Short post. PROMISE!
1. He had his ECHO at the hospital today. Took from 9:30 till noon. I went in for it, and as soon as I saw his heart on the sonogram screen, I started crying and cried through the whole thing. Yes, I'm ridiculously emotional, but I started thinking: when you first are pregnant, the first thing they show you is that heart, and here is his beautiful and holy, godly, kind, generous, and virtuous heart, still beating after all these years. Then I thought, this is the heart that loves me, the heart I live in, the core of the life that means everything to me (his life), and look how fragile and funny it looks, moving all around, like a disco dancer, I was thinking. It doesn't just beat. It moves all over the place. I didn't know that. At first I felt horror, that it was squiggling all over. And I was scared. But then I thought, this is the altar of his life, and I'm looking at it, and I just wept and wept. Silently, luckily. Or the tech might have thrown me out. I put my sunglasses on, even tho the room was dark, and just cried. The test took an hour, and the results will be sent to Onco Bronco in time for Monday's appointment. If his heart isn't up to par (and he does have a 2nd degree blockage), he won't qualify for the ((((((("red devil"))))))) chemo, then not sure where we will go from there.
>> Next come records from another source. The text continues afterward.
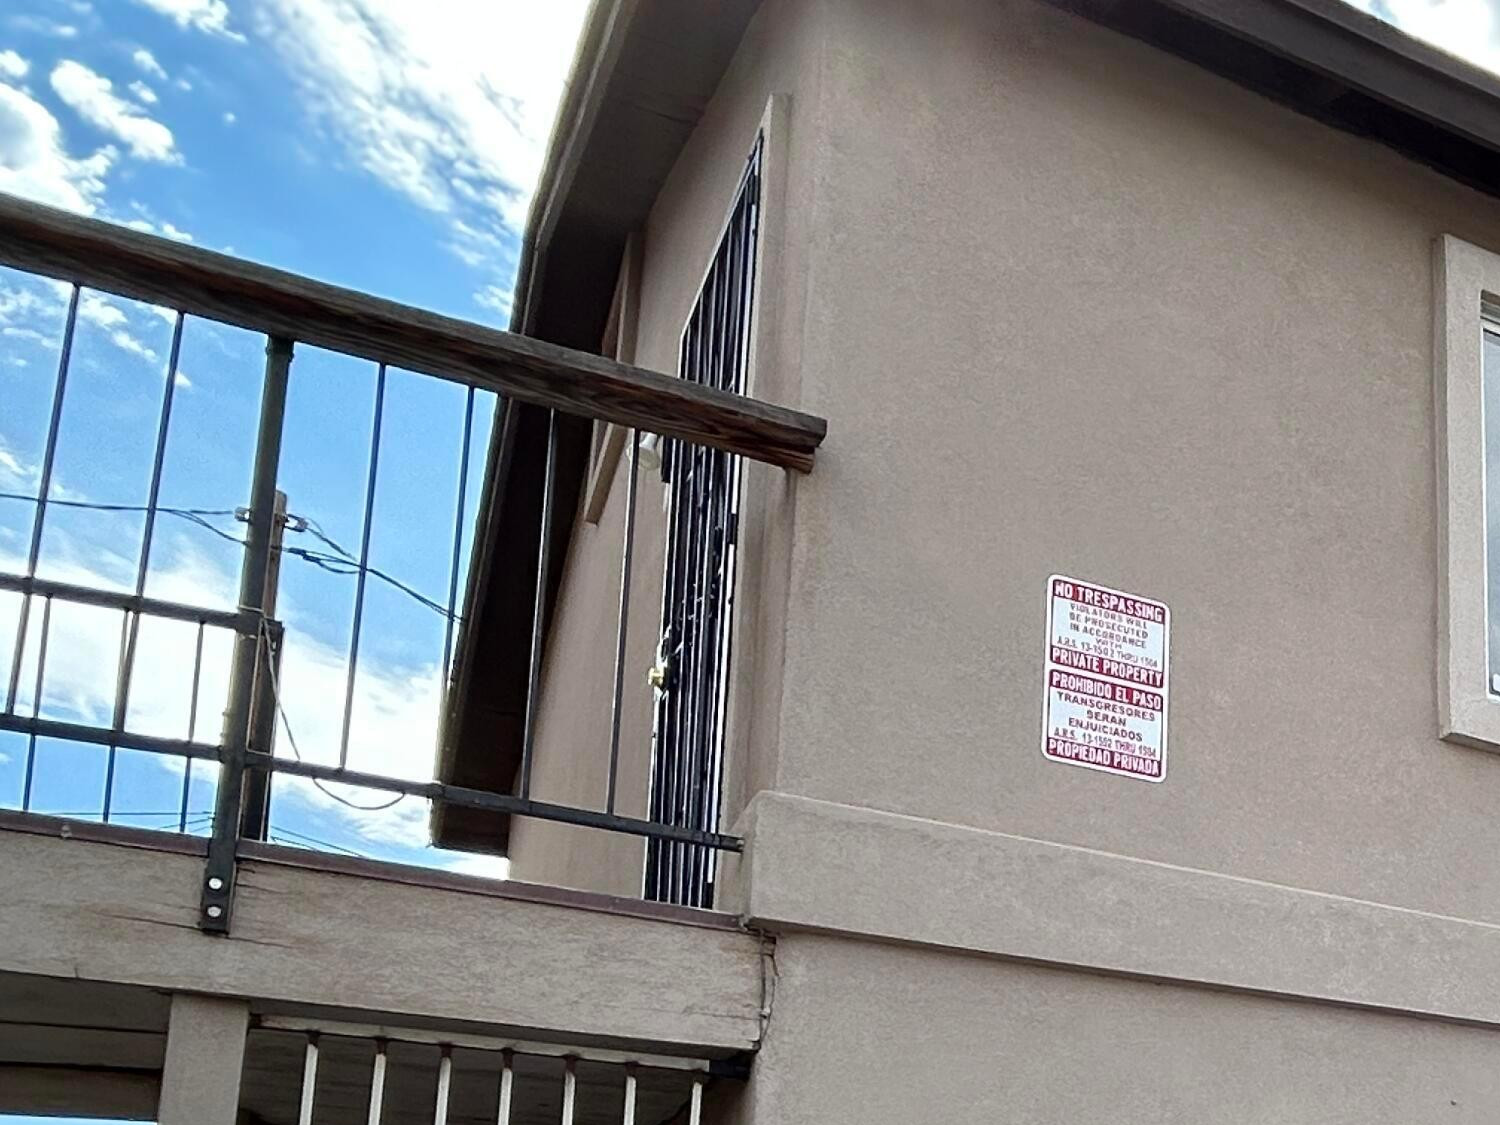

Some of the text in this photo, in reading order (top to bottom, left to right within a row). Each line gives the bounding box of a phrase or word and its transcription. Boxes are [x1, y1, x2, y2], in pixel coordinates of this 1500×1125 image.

[1055, 581, 1163, 622] NO TRESPASSING
[1070, 604, 1122, 622] VIOLATORS
[1070, 612, 1148, 639] BE PROSECUTED
[1070, 623, 1146, 649] IN ACCORDANCE
[1052, 647, 1162, 687] PRIVATE PROPERTY
[1052, 672, 1161, 709] PROHIBIDO EL PASO
[1057, 691, 1155, 721] TRANSGRESORES
[1087, 710, 1126, 726] SERAN
[1069, 717, 1142, 741] ENJUICIADOS
[1049, 739, 1159, 775] PROPIEDAD PRIVADA
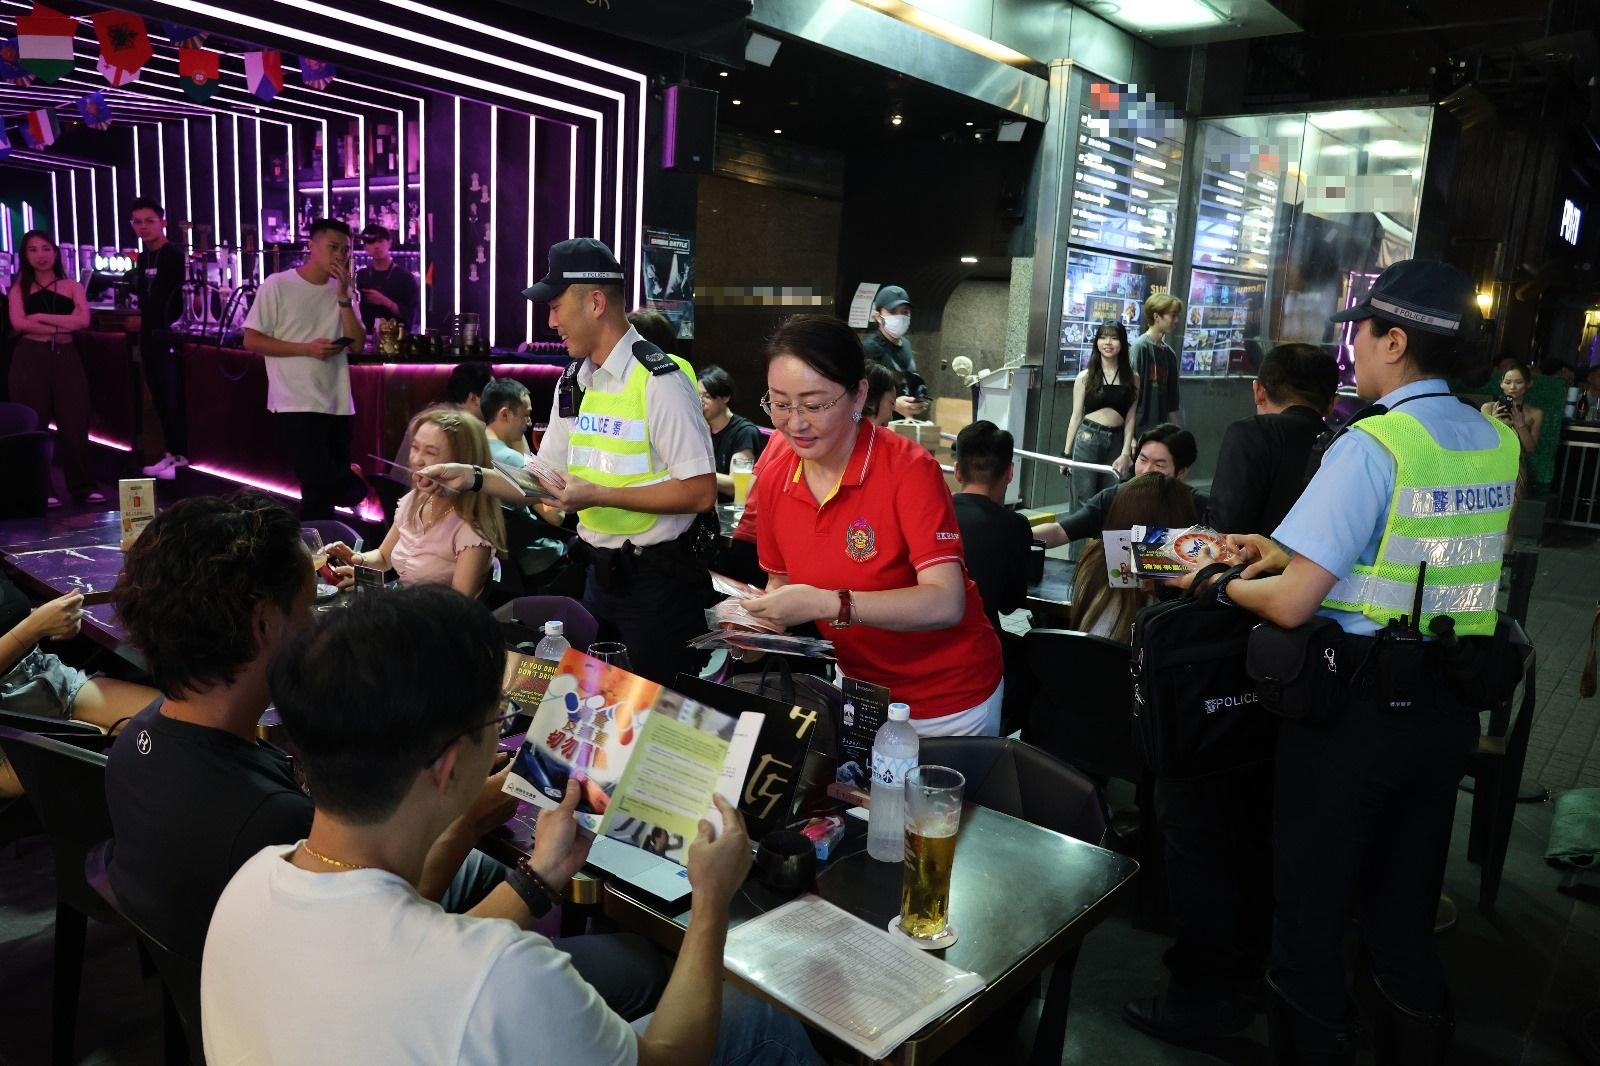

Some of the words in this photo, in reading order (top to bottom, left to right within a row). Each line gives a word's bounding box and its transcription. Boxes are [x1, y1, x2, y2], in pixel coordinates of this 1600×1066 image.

[1399, 309, 1426, 322] POLICE
[1432, 490, 1449, 512] 警
[1455, 486, 1504, 511] POLICE
[529, 662, 542, 671] YOU
[1216, 692, 1259, 709] POLICE
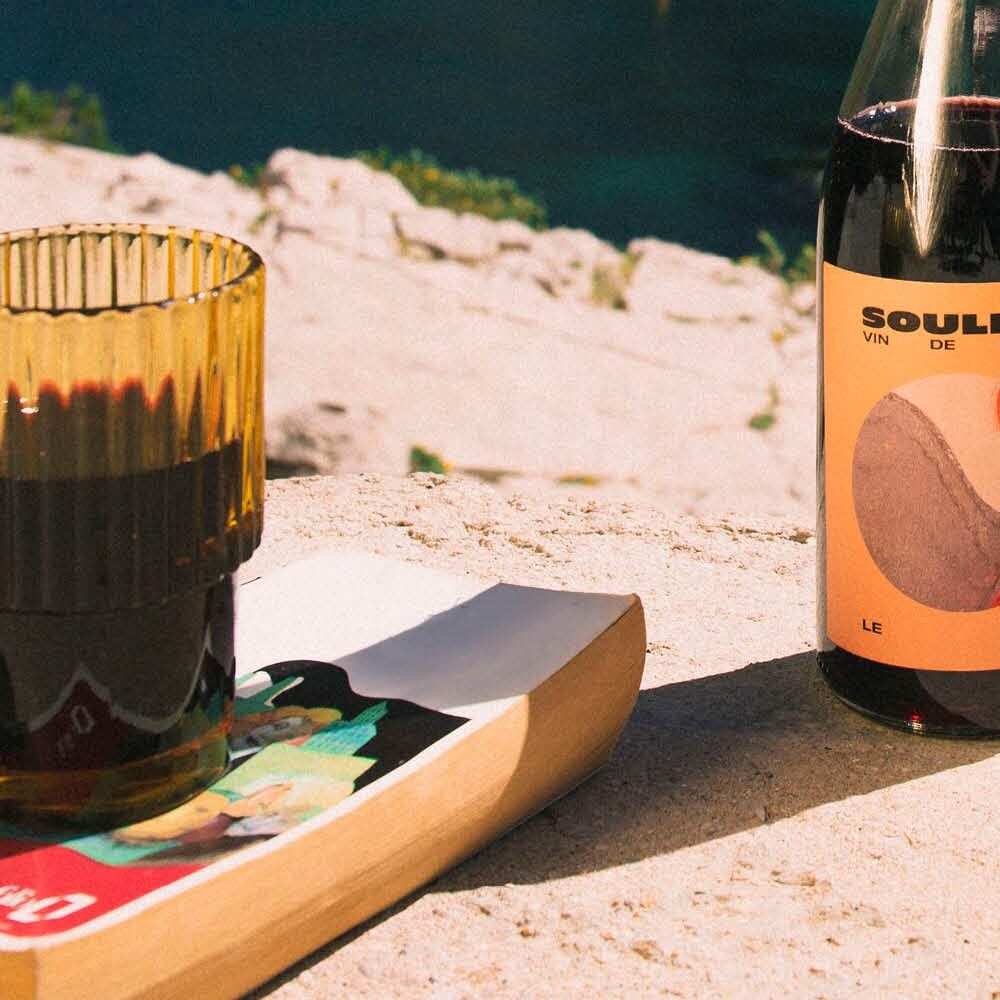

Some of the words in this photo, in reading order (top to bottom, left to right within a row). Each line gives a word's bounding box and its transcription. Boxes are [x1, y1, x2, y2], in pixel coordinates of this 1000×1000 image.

[862, 330, 889, 346] VIN
[930, 338, 956, 351] DE
[862, 618, 883, 635] LE
2. NEW SYMPTOM: Falling! He started falling today. He fell in the downstairs bathroom and called for me, but was up before I could get there. But then at 7, he got up from bed for dinner (grilled talapia, broccoli, rice, corn) and he started to fall by the bed, caught himself, but then fell HORRIBLY, landing full body on a low bedside table, crashing the lamp to smithereens, spilling his water, knocking everything off the table, and unable to get up till I came and helped him. We made a big joke about it, after seeing the lamp crushed into its new Dr. Seuss reincarnation, but he said he wants a brain scan now, because nothing like this has ever happened in his whole life. He said his body simply wouldn't obey his commands; it just collapsed. Had he missed the table, it could have been REALLY BAD. But then, an hour later, he almost fell AGAIN walking across the room. So we are going to have that checked. I brought up his walker (from the days of Duke) and set it up for him, and now he will keep that around, till he feels steadier.
Tomorrow, he sees a doctor about his blood test results. The last results were so terrible, showing unbelievable triglycerides, which could indicate liver trouble, so he had to get re-tested. Results tomorrow.
Fun never stops. Thank you for caring, for reading this, for praying for him.